[Goal of the exercise] For each record that follows, give it back exactly, with no pictures included.

[Extracted records]

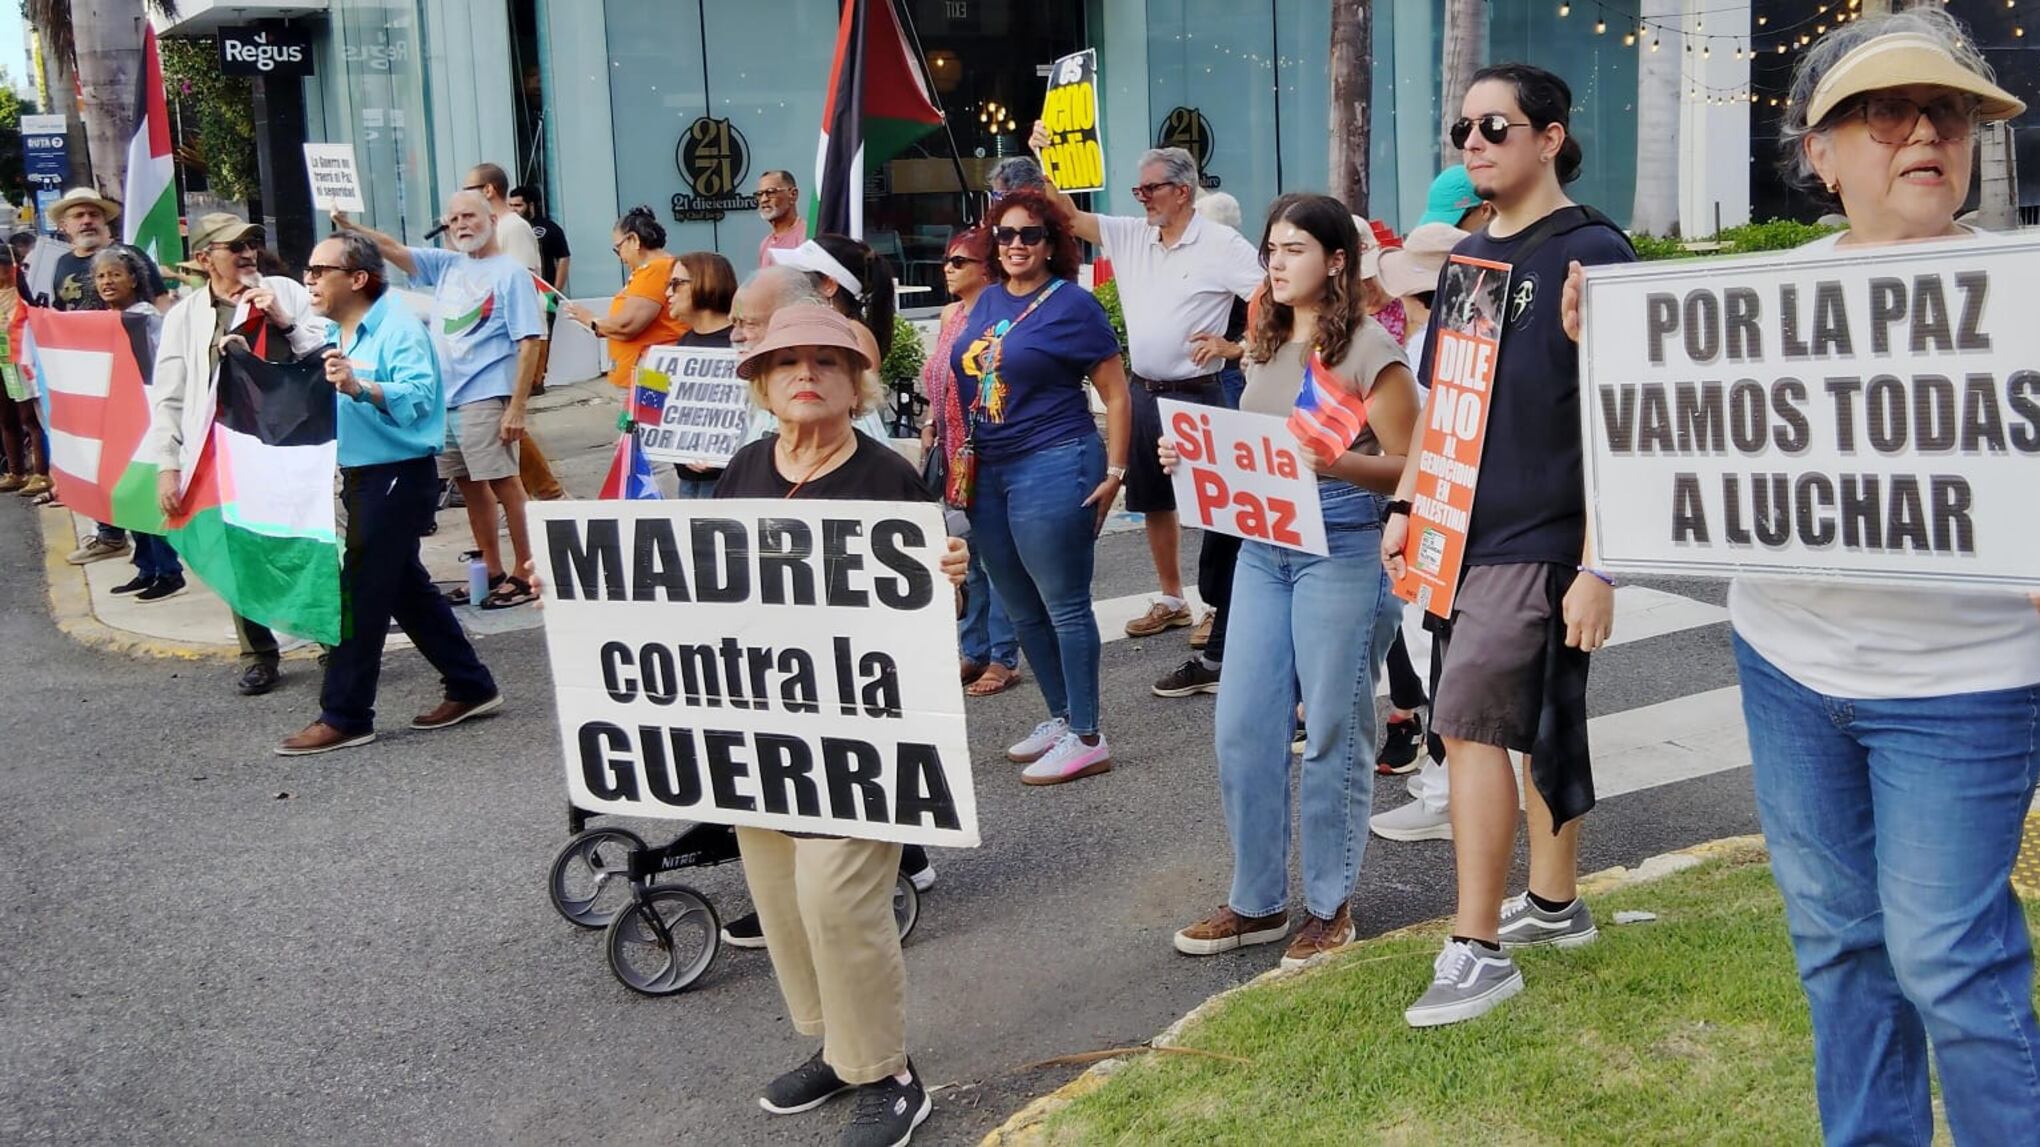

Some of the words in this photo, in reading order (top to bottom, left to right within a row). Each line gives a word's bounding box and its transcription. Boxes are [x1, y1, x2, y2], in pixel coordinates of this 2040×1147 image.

[225, 38, 303, 71] Regus
[27, 137, 51, 149] RUTA
[692, 119, 731, 155] 21
[673, 195, 689, 210] 21
[692, 195, 759, 210] diciembre
[1645, 286, 1764, 367] POR
[1778, 279, 1855, 359] LA
[1868, 270, 1993, 354] PAZ
[655, 356, 679, 377] LA
[683, 357, 738, 379] GUER
[1438, 334, 1492, 392] DILE
[663, 404, 747, 430] CHEMOS
[675, 381, 743, 406] MUERT
[1430, 384, 1482, 440] NO
[1599, 376, 1812, 457] VAMOS
[1823, 369, 2040, 457] TODAS
[676, 430, 700, 451] LA
[1172, 411, 1217, 465] Si
[1233, 440, 1257, 472] a
[1261, 436, 1300, 480] la
[1419, 450, 1477, 489] GENOCIDIO
[1192, 467, 1303, 547] Paz
[1411, 492, 1468, 534] PALESTINA
[1671, 471, 1711, 546] A
[1721, 471, 1977, 555] LUCHAR
[544, 517, 935, 611] MADRES
[600, 637, 820, 714] contra
[832, 636, 904, 719] la
[578, 720, 962, 831] GUERRA
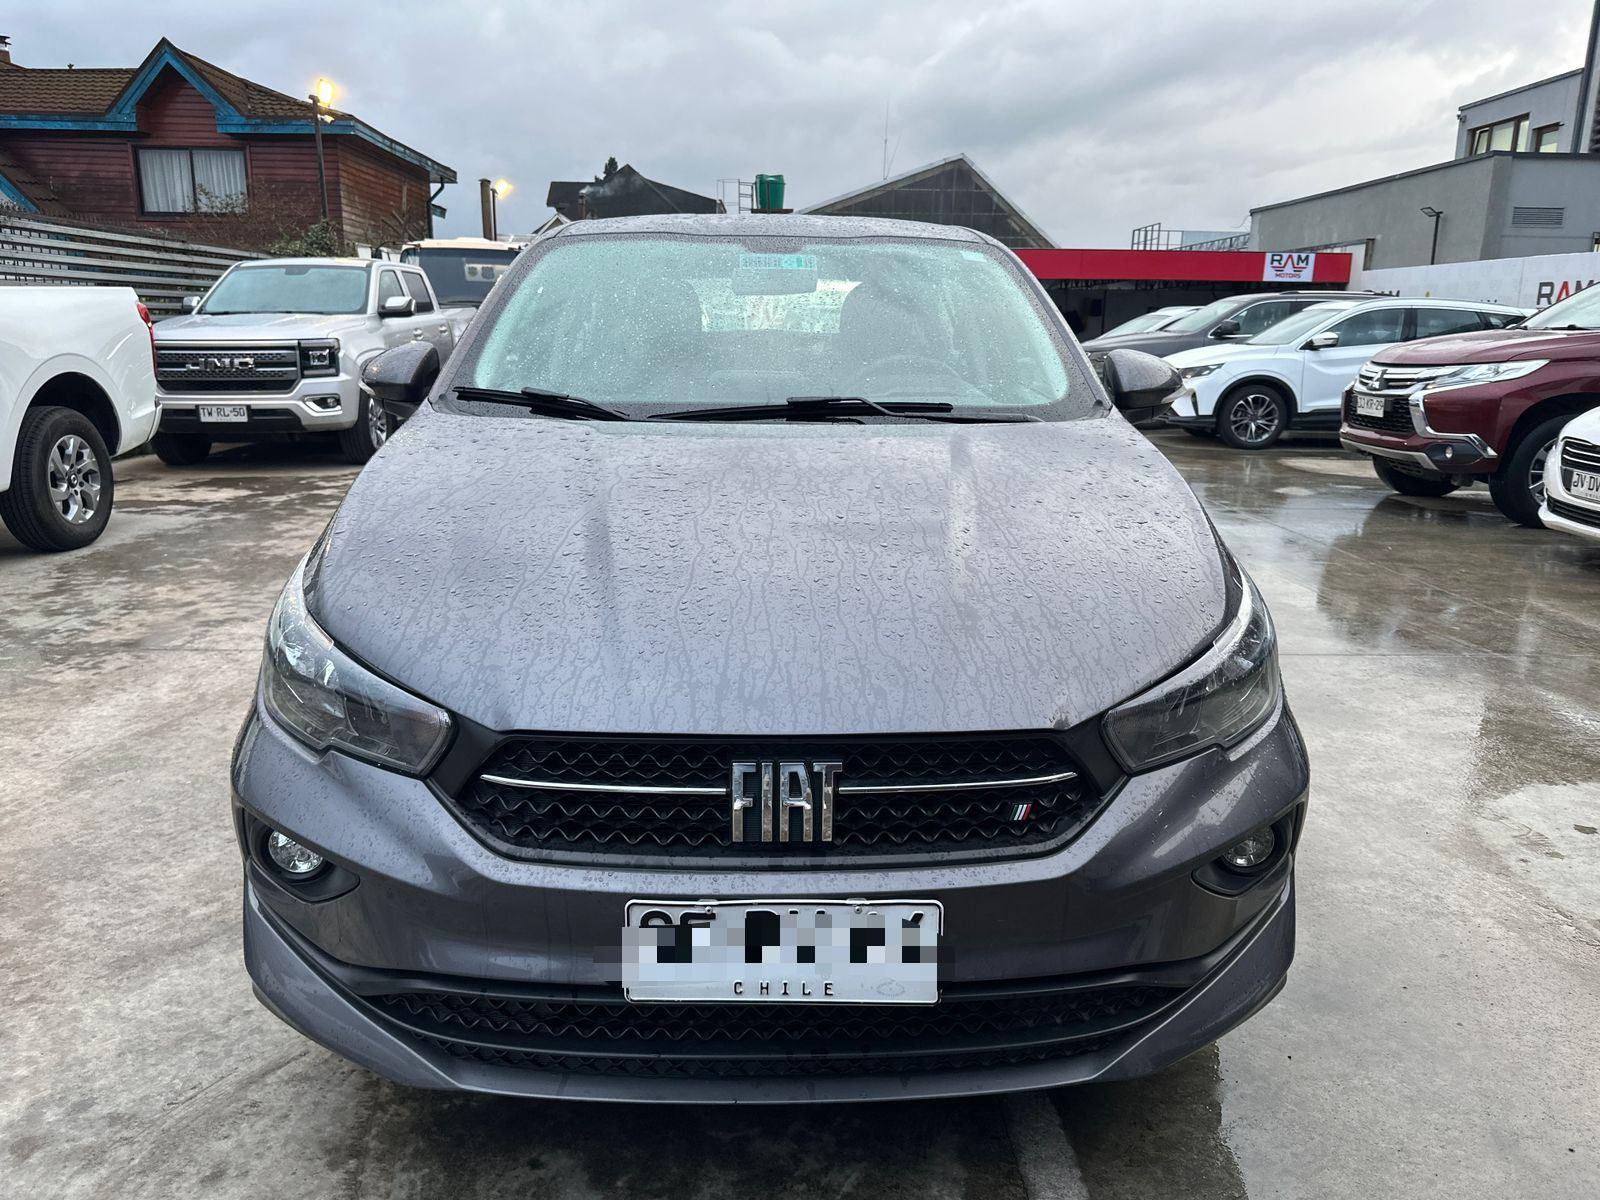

[Response box]
Some of the words in this photo, in reading order (top to bottom, left to right within a row). Each line gives a word's bounding box and its transcription. Boxes are [x1, y1, x2, y2], in pixel coordinates of this 2040×1147 image.

[225, 38, 303, 71] Regus
[27, 137, 51, 149] RUTA
[692, 119, 731, 155] 21
[673, 195, 689, 210] 21
[692, 195, 759, 210] diciembre
[1645, 286, 1764, 367] POR
[1778, 279, 1855, 359] LA
[1868, 270, 1993, 354] PAZ
[655, 356, 679, 377] LA
[683, 357, 738, 379] GUER
[1438, 334, 1492, 392] DILE
[663, 404, 747, 430] CHEMOS
[675, 381, 743, 406] MUERT
[1430, 384, 1482, 440] NO
[1599, 376, 1812, 457] VAMOS
[1823, 369, 2040, 457] TODAS
[676, 430, 700, 451] LA
[1172, 411, 1217, 465] Si
[1233, 440, 1257, 472] a
[1261, 436, 1300, 480] la
[1419, 450, 1477, 489] GENOCIDIO
[1192, 467, 1303, 547] Paz
[1411, 492, 1468, 534] PALESTINA
[1671, 471, 1711, 546] A
[1721, 471, 1977, 555] LUCHAR
[544, 517, 935, 611] MADRES
[600, 637, 820, 714] contra
[832, 636, 904, 719] la
[578, 720, 962, 831] GUERRA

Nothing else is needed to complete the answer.